Another thing to remember with private land vs public land is the crowds. On public land, there will be A LOT of vehicles. Being surrounded by other people takes a lot of the magic out of the experience. Plus, I can't imagine that's good for the animals when they are surrounded by people.
80-90% of the time during our game drives, our vehicle was the only one. There were some times that we were joined by other &Beyond vehicles if there was an especially rare sighting, but for the most part, it was a private experience.

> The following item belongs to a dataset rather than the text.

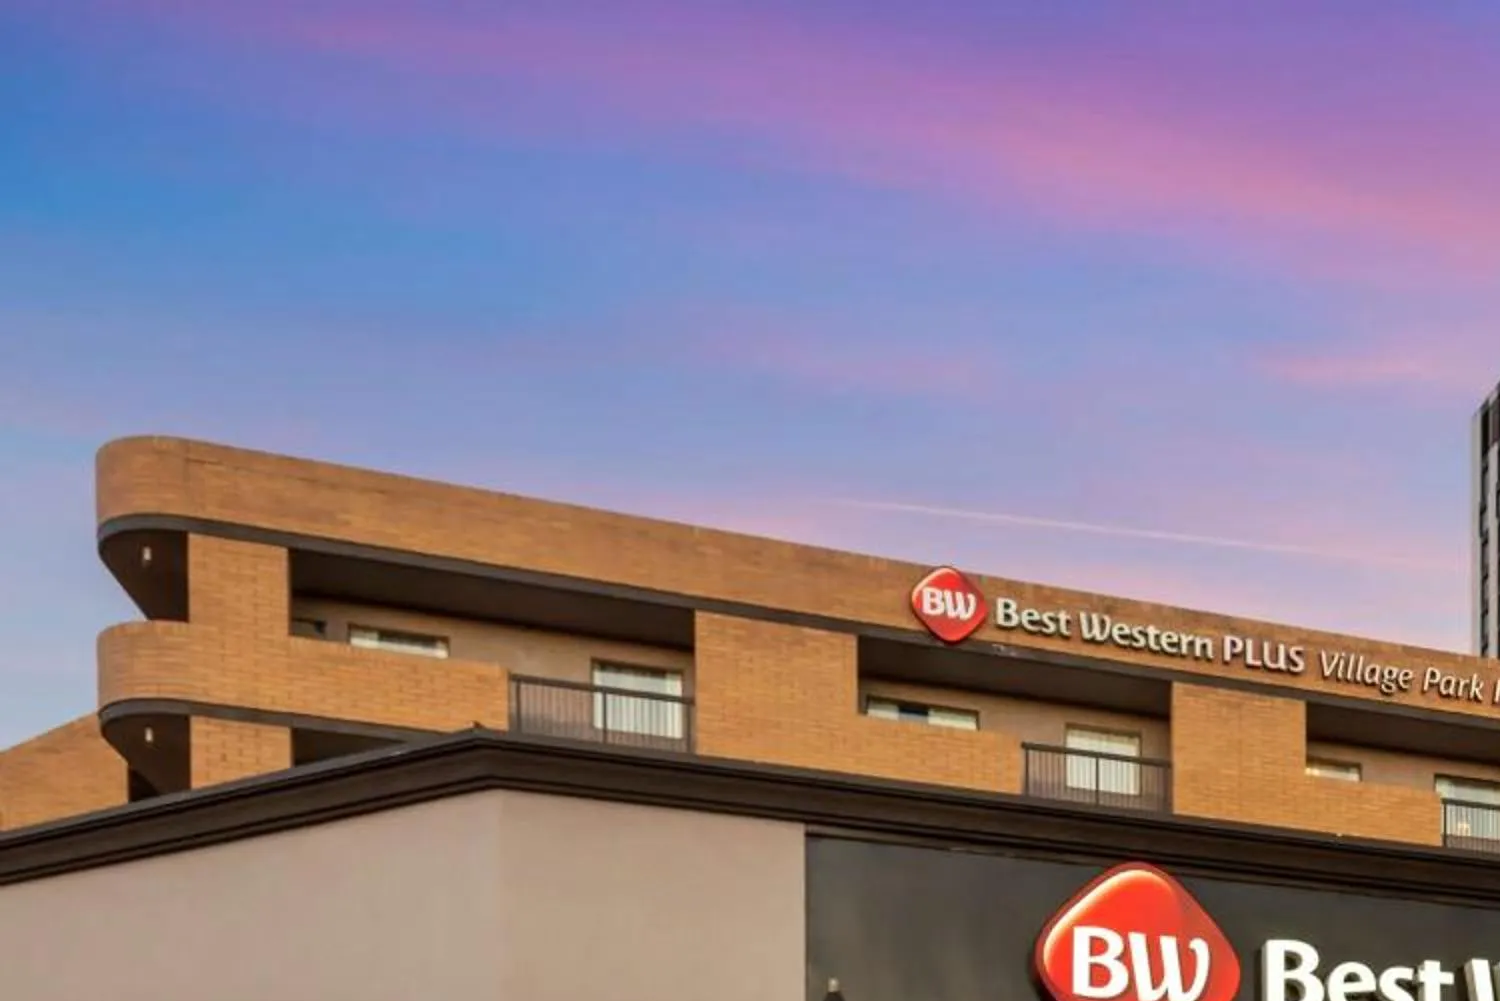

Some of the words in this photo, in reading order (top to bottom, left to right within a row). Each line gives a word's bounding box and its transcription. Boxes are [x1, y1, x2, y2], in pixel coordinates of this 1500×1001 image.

The vehicles at our camp, and most luxury camps, will hold a maximum of 6 people (not including the driver and tracker). This was the perfect size. I wouldn't have wanted anything bigger.
Be sure to choose a lodge that respects nature and the animals. &Beyond had strict rules to ensure that neither animals nor humans were put in danger. For example, if cubs were left alone, we were not allowed to visit those cubs until the mother returned.
&Beyond also does a lot of work behind the scenes to protect the wildlife.
And, hopefully, this goes without saying, but to participate in a safari that respects life and not join a hunting safari.
Have less than 2 weeks in South Africa? Example 10 day itinerary
If you need to shave a few days off this South Africa itinerary, start with The Winelands. You could spend just 1 night in The Winelands or skip the overnight altogether and use one of your Cape Town days for a Winelands day trip.
Here's my itinerary recommendation for 10 days in South Africa:
Cape Town: 3 nights
Book a tour that combines Table Top Mountain with the Cape Peninsula. While this will be a very full day, it's a great way to see a LOT in one tour/day.
Considering how affordable private tours are in South Africa, I recommend going that route to ensure you see everything that's a priority and skip the hassles that come with group tours.
- Table Mountain, Boulder's Penguins & Cape Point Private Tour from Cape Town
- From Cape Town: Table Mountain, Cape of Good Hope & Penguins including Park Fees
- Table Mountain, Boulders Penguins & Cape point, Private Day Tour
Book a second day trip to explore The Winelands. Again, go with a private tour so the guide can cater the tour to your wants/needs.
Safari: 6 nights split between two camps
Day 10: fly home
In Summary
Overall, our trip to South Africa exceeded expectations in every way. It's one of our most memorable trips to date and was the perfect choice for our 10-year anniversary.
We can’t wait to explore more of Africa. You can be sure I’m already researching which safari to book next!
I adore animals. To admire them in the wild is to witness nature on an entirely different level. Never before have I felt so at one with nature, from watching each sunrise and sunset to the endless animal sightings.
I can’t recommend a safari trip enough.